No bail for Chinese man in B.C., wanted by U.S.
VANCOUVER – A Chinese citizen accused by U.S. authorities in a sophisticated hacking scheme to steal military secrets will remain jailed in Canada after a British Columbia judge declared the man posed a significant flight risk.
Calling the allegations “disturbing,” B.C. Supreme Court Justice Austin Cullen refused bail for Su Bin, a businessman appealing the revocation of his permanent residency in Canada as he faces extradition to the U.S.
“It appears that his connection to Canada is mainly that it is a base for his wife and children,” Cullen said Wednesday when delivering his decision from the bench. “His own presence in Canada is more illusory than real.”
Cullen listed a series of reasons in denying the man’s release, including the vast amount of time Su spends in China, the fact his business is based there and that the man appears to have undisclosed assets outside of Canada. The judge also cited the serious allegations in the U.S. and the man’s international connections.
“In my view, those factors taken in combination raise a significant risk that Mr. Su, if released, will abscond rather than face the prospect of extradition to the United States based on these charges.”
The FBI alleges Su was the mastermind of a plot to electronically steal information from American military contractor Boeing, as well as other defence contractors, and sell it to companies in China. The bureau alleges Su directed hackers to illegally access Boeing’s computers in California to obtain information about the aircraft company’s military projects.
Su was arrested by RCMP on June 28. As he was escorted from the courtroom on Wednesday wearing a red prison-issued sweatshirt, he waved to his wife and her translator.
The court heard Su owns a home worth $1.8 million in Vancouver, with an outstanding mortgage of $1.2 million, and offered only his wife as surety for bail. He listed other support coming from a friend from West Vancouver, his son’s piano teacher, and a former neighbour in Vernon. His two children were born in Canada.
Su’s next court appearance in the extradition case is set for Aug. 27.
While U.S. authorities want Su, Canadian officials are seeking to strip him of his permanent residency status.

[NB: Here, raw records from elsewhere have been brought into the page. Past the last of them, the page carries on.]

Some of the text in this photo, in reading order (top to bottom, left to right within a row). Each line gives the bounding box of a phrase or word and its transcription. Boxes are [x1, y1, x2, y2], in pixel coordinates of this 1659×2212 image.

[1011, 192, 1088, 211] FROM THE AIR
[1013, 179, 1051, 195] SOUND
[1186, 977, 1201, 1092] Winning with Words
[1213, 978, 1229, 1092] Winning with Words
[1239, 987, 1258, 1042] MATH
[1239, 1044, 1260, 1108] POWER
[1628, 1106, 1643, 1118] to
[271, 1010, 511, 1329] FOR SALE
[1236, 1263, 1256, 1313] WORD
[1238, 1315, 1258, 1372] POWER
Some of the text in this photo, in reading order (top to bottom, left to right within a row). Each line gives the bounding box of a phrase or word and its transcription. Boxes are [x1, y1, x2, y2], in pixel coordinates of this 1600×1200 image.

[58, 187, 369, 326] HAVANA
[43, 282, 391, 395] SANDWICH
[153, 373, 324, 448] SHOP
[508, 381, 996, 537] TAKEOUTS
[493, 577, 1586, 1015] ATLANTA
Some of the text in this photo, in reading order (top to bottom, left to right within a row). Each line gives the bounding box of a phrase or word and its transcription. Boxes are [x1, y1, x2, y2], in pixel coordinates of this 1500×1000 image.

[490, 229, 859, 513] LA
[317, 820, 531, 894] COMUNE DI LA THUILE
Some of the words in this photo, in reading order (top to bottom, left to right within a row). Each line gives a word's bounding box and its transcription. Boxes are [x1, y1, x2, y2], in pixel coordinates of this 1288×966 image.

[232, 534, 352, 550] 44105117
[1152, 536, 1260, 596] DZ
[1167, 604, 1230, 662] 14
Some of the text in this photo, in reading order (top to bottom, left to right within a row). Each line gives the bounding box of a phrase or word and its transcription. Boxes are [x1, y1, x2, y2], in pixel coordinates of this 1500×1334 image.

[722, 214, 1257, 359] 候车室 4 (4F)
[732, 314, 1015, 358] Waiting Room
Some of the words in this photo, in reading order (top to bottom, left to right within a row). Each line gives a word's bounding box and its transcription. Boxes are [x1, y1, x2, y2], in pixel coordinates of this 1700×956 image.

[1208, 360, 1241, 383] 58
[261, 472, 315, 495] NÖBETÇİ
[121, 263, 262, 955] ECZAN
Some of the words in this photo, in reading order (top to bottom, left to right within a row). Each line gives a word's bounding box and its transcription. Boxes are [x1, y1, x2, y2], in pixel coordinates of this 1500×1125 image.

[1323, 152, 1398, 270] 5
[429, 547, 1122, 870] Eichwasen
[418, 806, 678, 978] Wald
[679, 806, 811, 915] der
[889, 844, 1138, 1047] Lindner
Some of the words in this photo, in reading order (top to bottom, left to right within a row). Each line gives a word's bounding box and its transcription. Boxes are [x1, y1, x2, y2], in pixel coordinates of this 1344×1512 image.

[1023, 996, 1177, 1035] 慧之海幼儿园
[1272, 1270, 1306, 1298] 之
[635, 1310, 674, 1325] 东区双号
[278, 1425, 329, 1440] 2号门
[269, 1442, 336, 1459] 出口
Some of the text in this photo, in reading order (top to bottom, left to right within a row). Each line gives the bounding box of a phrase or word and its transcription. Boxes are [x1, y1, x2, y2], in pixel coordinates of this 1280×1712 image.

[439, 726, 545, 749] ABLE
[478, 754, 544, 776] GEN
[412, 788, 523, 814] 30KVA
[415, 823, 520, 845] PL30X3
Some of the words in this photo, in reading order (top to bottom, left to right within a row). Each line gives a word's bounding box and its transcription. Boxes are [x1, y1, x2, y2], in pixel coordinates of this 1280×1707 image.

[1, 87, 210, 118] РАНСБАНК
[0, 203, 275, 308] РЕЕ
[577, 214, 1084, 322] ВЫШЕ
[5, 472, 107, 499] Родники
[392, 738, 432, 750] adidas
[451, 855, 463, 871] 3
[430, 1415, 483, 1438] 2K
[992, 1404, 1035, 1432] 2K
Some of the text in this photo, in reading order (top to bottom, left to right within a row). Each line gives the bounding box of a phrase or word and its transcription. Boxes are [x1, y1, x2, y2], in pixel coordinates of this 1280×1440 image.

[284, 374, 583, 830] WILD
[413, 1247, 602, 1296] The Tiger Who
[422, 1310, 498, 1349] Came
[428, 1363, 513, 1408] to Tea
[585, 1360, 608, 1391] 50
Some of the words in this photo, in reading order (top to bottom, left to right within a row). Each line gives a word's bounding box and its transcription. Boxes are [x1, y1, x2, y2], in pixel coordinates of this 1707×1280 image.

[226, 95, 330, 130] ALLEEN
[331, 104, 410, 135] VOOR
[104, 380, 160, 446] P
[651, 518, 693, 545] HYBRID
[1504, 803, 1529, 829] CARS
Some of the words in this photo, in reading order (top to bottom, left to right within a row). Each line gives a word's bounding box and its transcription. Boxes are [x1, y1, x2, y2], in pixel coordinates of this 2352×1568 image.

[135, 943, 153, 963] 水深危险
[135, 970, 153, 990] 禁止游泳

Immigration and Refugee Board spokeswoman Melissa Anderson said federal officials tried to remove Su’s residency status last November, but he is appealing the decision.
While Anderson couldn’t reference his specific case, she said such a status is typically stripped when the resident has spent too much time out of Canada.
Su is charged in the United States with unauthorized access of a computer and obtaining information, and for accessing a computer to defraud and obtain value. He appeared in a B.C. Supreme for a bail hearing last week.
A 50-page affidavit filed by FBI special agent Noel Neeman said Su heads a China-based aviation technology company called Lode-Tech, which also has an office in Canada.
Su allegedly began working with two unidentified hackers in China in 2009 to target Boeing’s computer network, the documents said.
The affidavit cites a report prepared by the two unnamed hackers in 2012. In the report, titled “C-17 work summary,” they outline an extensive operation that involved them bypassing Boeing’s guarded internal network within months, then stole 630,000 digital files on the C-17 transport jet. The stolen data included detailed diagrams of the military-transport aircraft as well as flight test documents.
The FBI affidavit notes the scope and success of the work-summary report could have been exaggerated.
“For example, based on information I have received from other FBI agents who learned about Boeing’s computer network, I have not discovered any evidence that any classified information has been accessed or exfiltrated,” wrote Neeman.
Still, he said there is evidence that some of the hacking of the C-17 information was successful, because the two unnamed hackers obtained emails that made reference to the aircraft.
The FBI affidavit also said the hackers targeted other military technology, such as the F-22 and F-35 — the fighter jet that Canada is considering buying.
Su is described in the document as the director behind the conspiracy, telling the hackers which companies to target. Once they obtained the data, Su allegedly tried to sell the information to Chinese aviation corporations for “big money,” said the affidavit.
None of the allegations have been tested in court. The FBI said the criminal investigation continues.
A hearing date for Su’s appeal on the immigration process hasn’t yet be set.